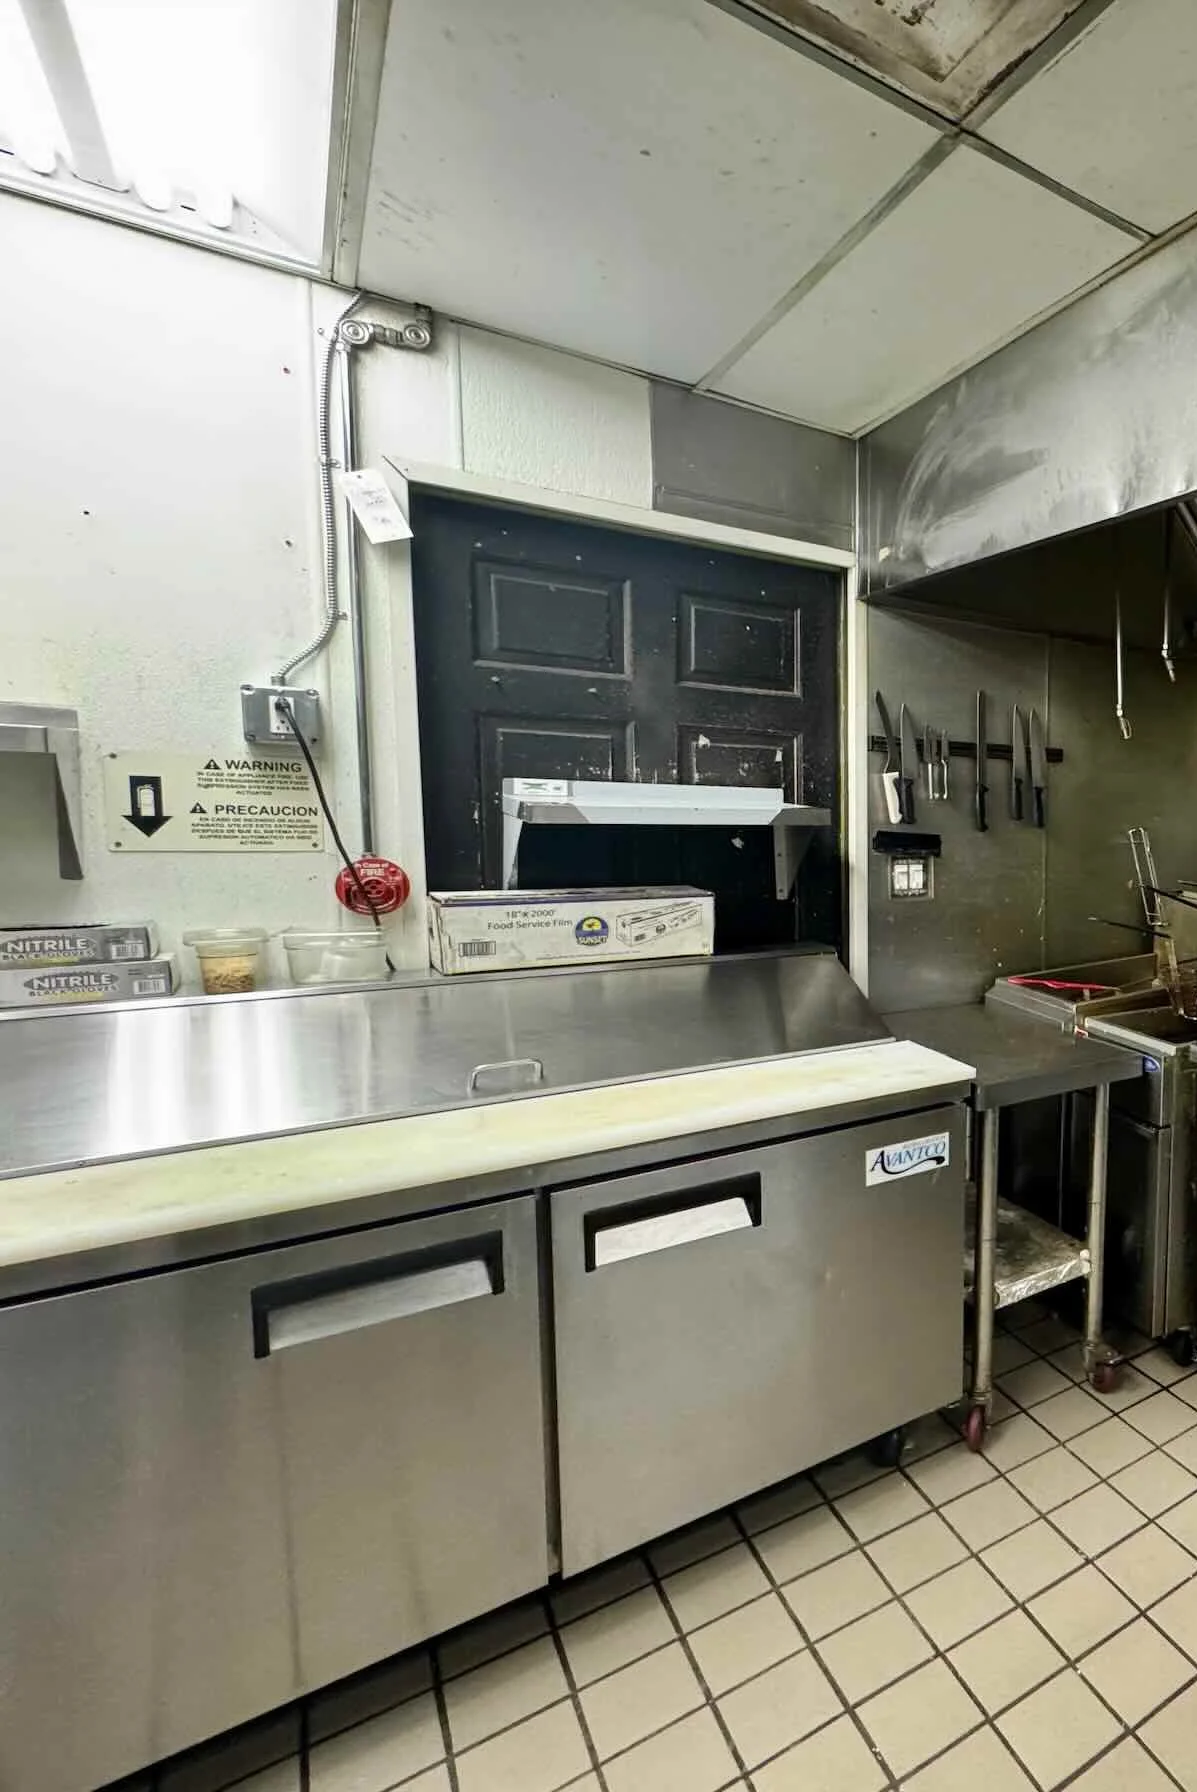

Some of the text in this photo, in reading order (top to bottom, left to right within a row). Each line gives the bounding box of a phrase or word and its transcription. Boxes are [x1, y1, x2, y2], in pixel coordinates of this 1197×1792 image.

[224, 760, 302, 772] WARNING
[215, 804, 318, 816] PRECAUCION
[361, 868, 385, 876] FIRE
[488, 918, 573, 930] Food Service Film
[7, 938, 88, 953] NITRILE
[32, 974, 112, 989] NITRILE
[870, 1141, 946, 1173] AVANTCO
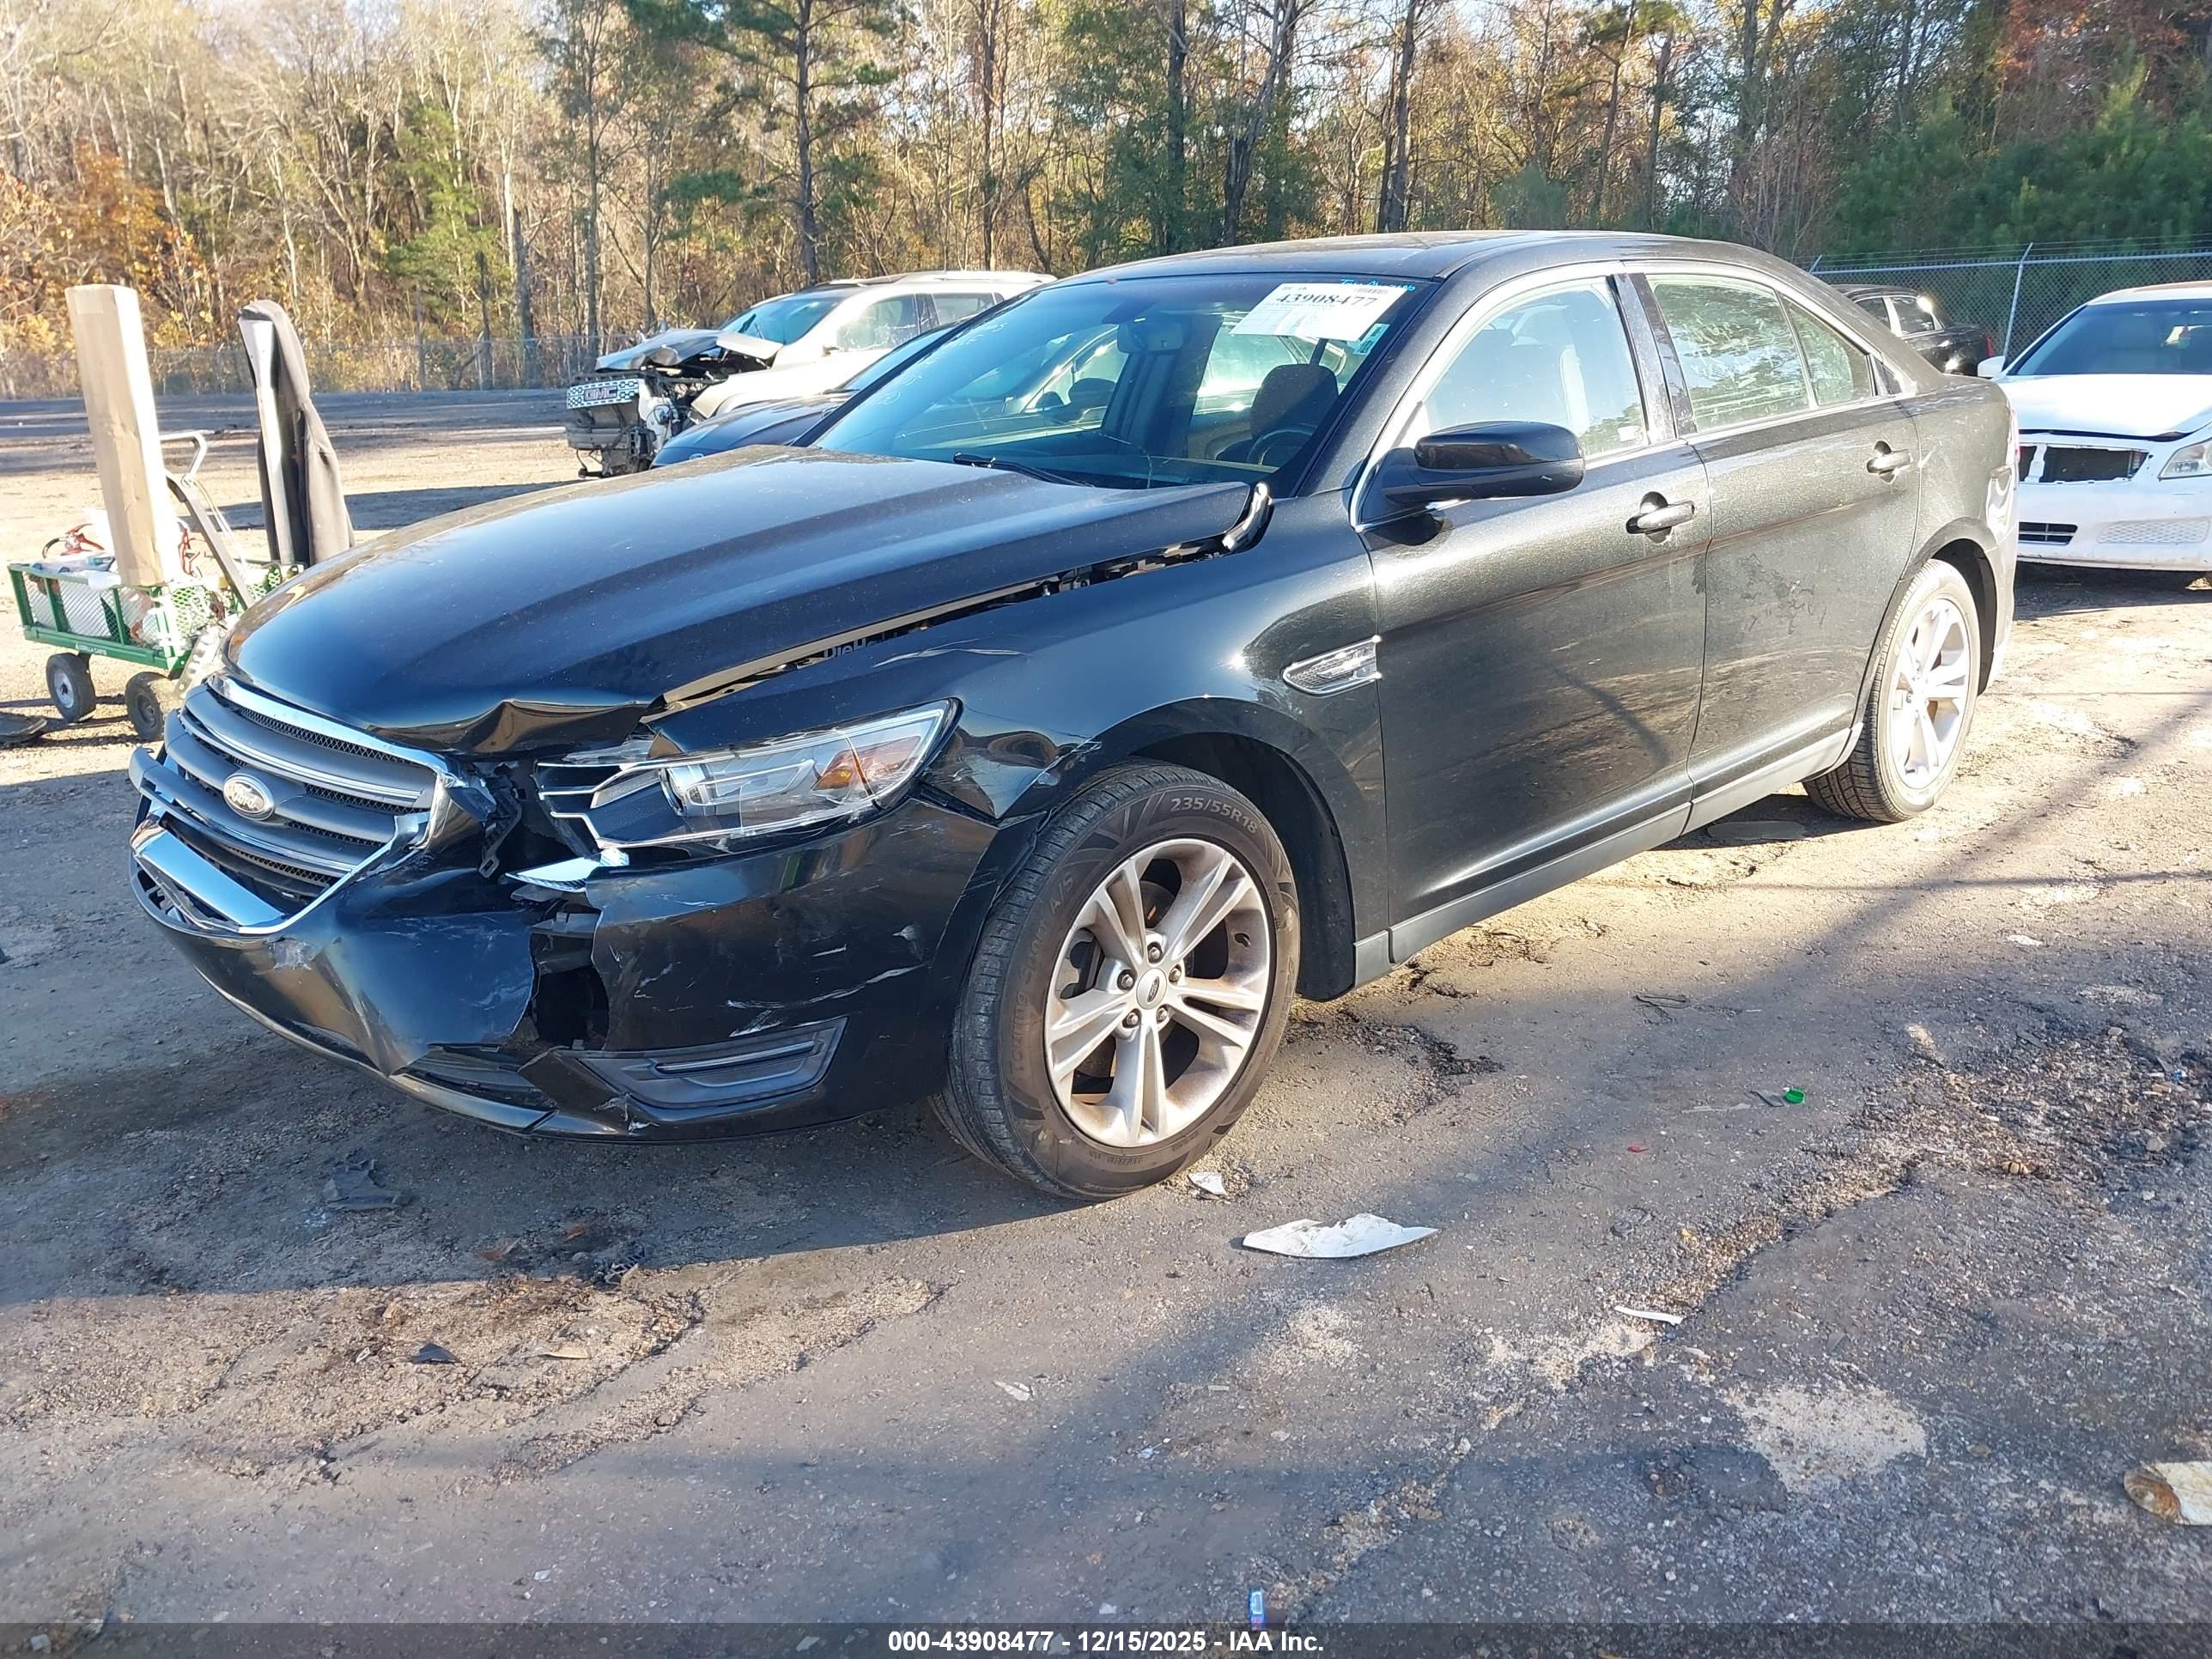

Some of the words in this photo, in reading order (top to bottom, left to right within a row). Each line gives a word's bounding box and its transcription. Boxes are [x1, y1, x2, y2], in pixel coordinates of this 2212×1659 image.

* [WORK REQUIRED]: Please transcribe each entry exactly, but skip any picture it holds.

* [RESULT]:
Some of the text in this photo, in reading order (top to bottom, left to right within a row). Each line gives the bounding box of a phrase or word and its transcription. Boxes are [x1, y1, x2, y2], in pixel coordinates of this 1197×1792 image.

[224, 760, 302, 772] WARNING
[215, 804, 318, 816] PRECAUCION
[361, 868, 385, 876] FIRE
[488, 918, 573, 930] Food Service Film
[7, 938, 88, 953] NITRILE
[32, 974, 112, 989] NITRILE
[870, 1141, 946, 1173] AVANTCO

Some of the words in this photo, in reading order (top to bottom, left to right within a row). Each line gives a word's bounding box and its transcription. Boxes are [x1, y1, x2, y2], in pixel coordinates of this 2212×1659 image.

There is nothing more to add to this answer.